With no thought of texture or subtle notes of anything listed on a bill of fare, she reluctantly gave the smoldering cigarette to her free hand, spread her anxious fingers into the soil, and unearthed a potato that quietly became a protest and a prayer. Drawn from the margins of Southern Appalachian hillsides and gathered together with other forgotten neighbors on this raised-bed of a parking island where merchants once sold coal, she comes to garden. Her curiosity lingers amidst the laughter that is charged with the holiness of deep-rooted discovery. For those watching her harvest potatoes for the first time, she is utterly transfigured by delight and hasn't even tasted a thing.
Her prayers and potatoes will mix with other fixings in the soup kitchen nearby, and, for a moment, her noontime eating becomes a wordless protest of the mono-cultures of the hyper-palatable that make her sick and fill her stomach. This moment of prophetic gastronomy, shared with shut-ins of maladies that can't be named, all started with a potato, and it is surely a good enough symbol of God's commonwealth where people are fed abundantly with something other than high-caloric charity. It is now and not yet. And, in this place, the care-taking impulse of Earth Day is enacted with every sacred bite.
On the eve of the 45th celebration of this day, in a year that promises to be a turning point in the movement for ecological justice, much can be said about the detrimental impacts of our eating. Our industrial food systems threaten the health of our watersheds, the biodiversity of agricultural ecologies, and the life of our soil. As a whole, it is estimated that 25 percent of CO2 emissions are produced by agricultural sources. In other words, our eating plays a critical role in the unraveling of Eden. All the same, if we are truly formed from the soil, as Genesis 2:7 suggests, then our eating can also help to put the world back together and repair each other in the process.
In the Christian tradition, taste invokes images of wedding feasts and wine, revelations of bitterness and honey, and beatitudes of saltiness that can't be restored. Taste happens every day for those who are fortunate enough to eat, and it is more integrated into the cadence of life than solar panels or carbon credits. For this reason, I am borrowing the wisdom of gastronomy from the lexicon of the foodie and lending it to the activism of the good enough prophets who labor in our unseen fields and pour their hearts into haphazard meals for God's hungry children. Why? Gastronomy is broadly concerned with the art of eating and suggests a necessary obsession with taste. I believe that taste might help us declare our responsibility to celebrate Earth Day throughout the year and in-form an activism of eating that is both sustainable and attainable enough for those of us who cannot afford to march in New York City for climate movements or buy local foods at our farmer's markets.

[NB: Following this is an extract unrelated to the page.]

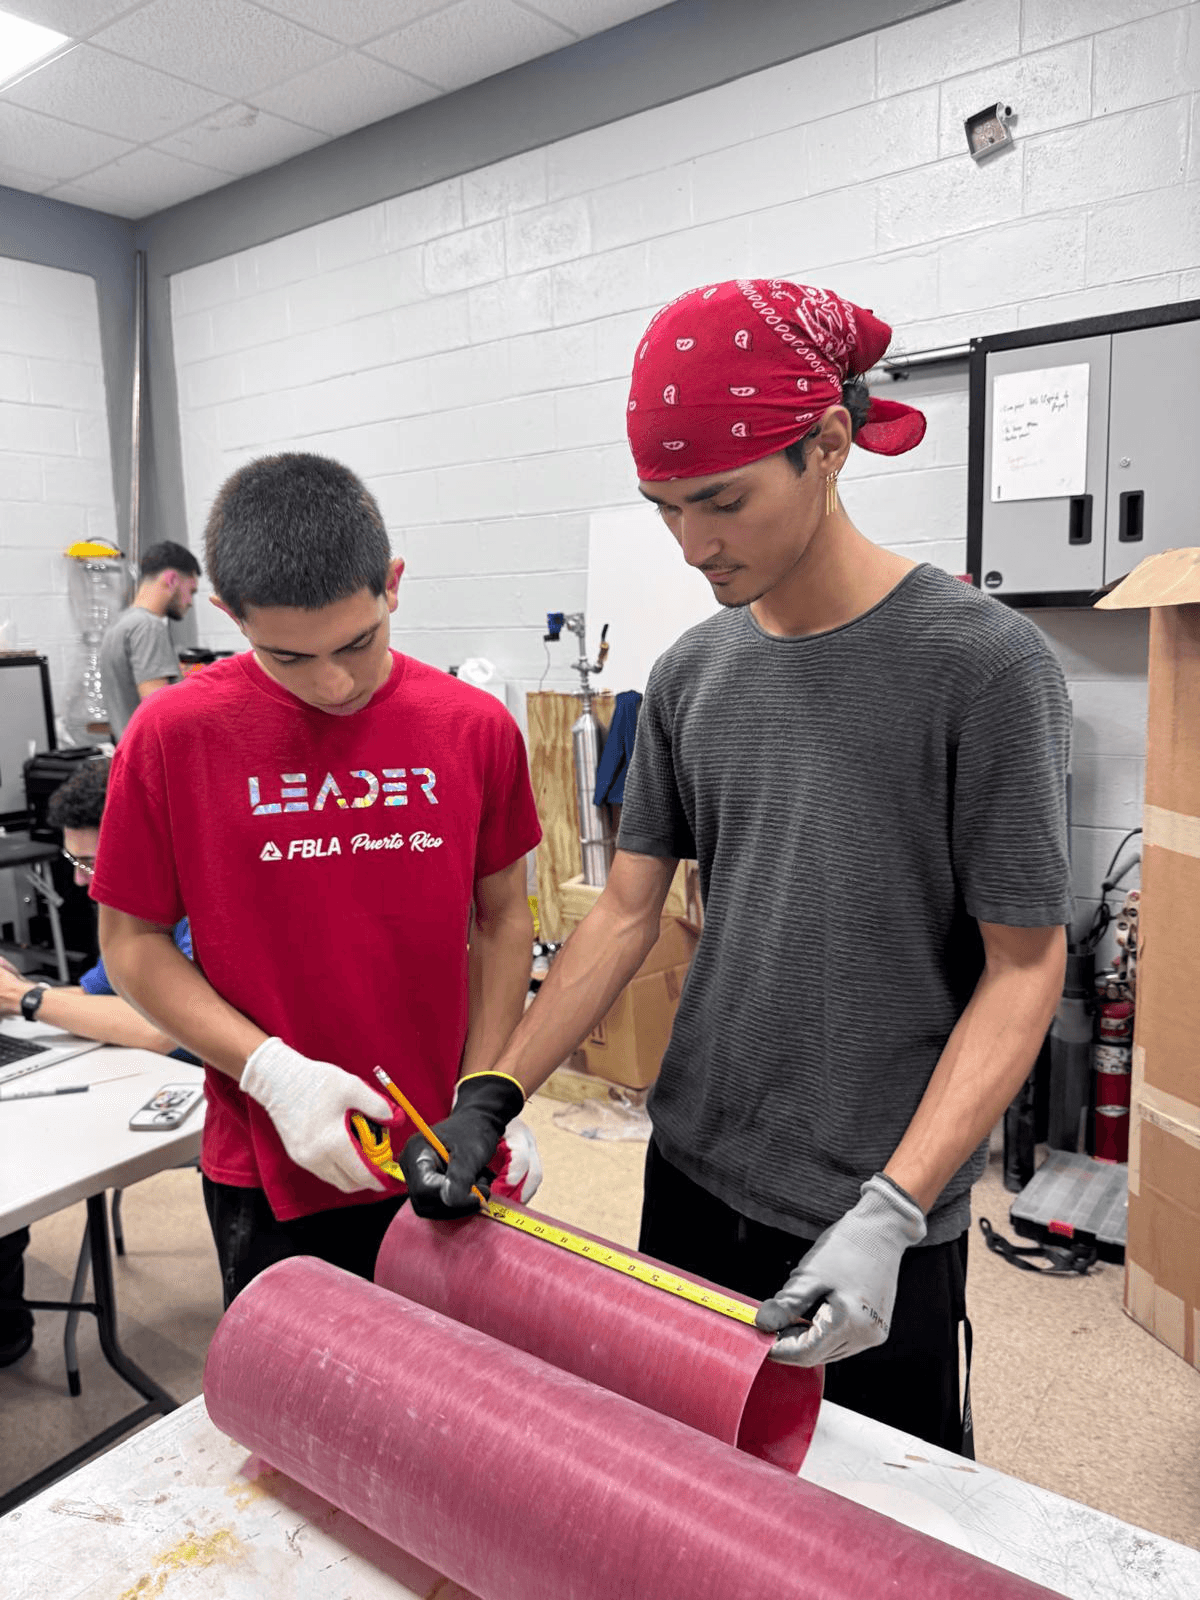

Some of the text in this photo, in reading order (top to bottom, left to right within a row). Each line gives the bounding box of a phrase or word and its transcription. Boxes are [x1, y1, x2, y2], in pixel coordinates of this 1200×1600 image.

[248, 768, 439, 815] LEADER
[287, 831, 443, 860] FBLA Puerto Rico

In the age of industrial agriculture, with the shuttering of family farms, and the reign of genetically modified organisms, taste and the collective health of our communities have gone into hiding. Human nutrition, the vitality of watersheds, and resilient plants and animals all depend on a proper balance of nutrients in soils. As a result of practices in our fields that compact the structure and inundate the ground with toxic chemicals that harm healthy soil biology, there is a scarcity of delight at our tables. The rich sensation of sweetness in carrots, the bitterness of coffee, the sourness of lemons, and the umami taste of cheese are frequently absent from our foods because they rely on a balance of nutrients in healthy soils that are as endangered as the giant panda or the whooping crane.
Prophetic gastronomy, a model of good enough activism for a sustainable commonwealth, critiques this scarcity because delighting in food is sacred and nearly impossible without taste. As a Christian trying to make sense of a sacred vocation to care for the earth, if I dare to approach any food with the expectation of delight then I must also temper this gift of taste with the responsibility for critique of where our food comes from, who grows it, and what it does to the land.
Ultimately, eating good food is stranger than we like to think and prophetic actions are more common than we care to imagine. Prophetic gastronomy, like good food, does not simply appear from rarified air. It is nurtured by healthy soil and mundane acts of courage that are nearer to us than the ground beneath our feet. It begins in the kitchen of the efficiency apartment, the urban orchard in the interstate margin, and the porch side container-garden jammed with plastic bottles and racing tires. It happens in the community garden with forgotten neighbors who choose to grow their food without chemical inputs while giving the harvest away because someone else is always hungrier. It resides in our souls, in every moment of eating when transfiguration is possible, because of delight ... which brings us back to potatoes, protests, and prayers.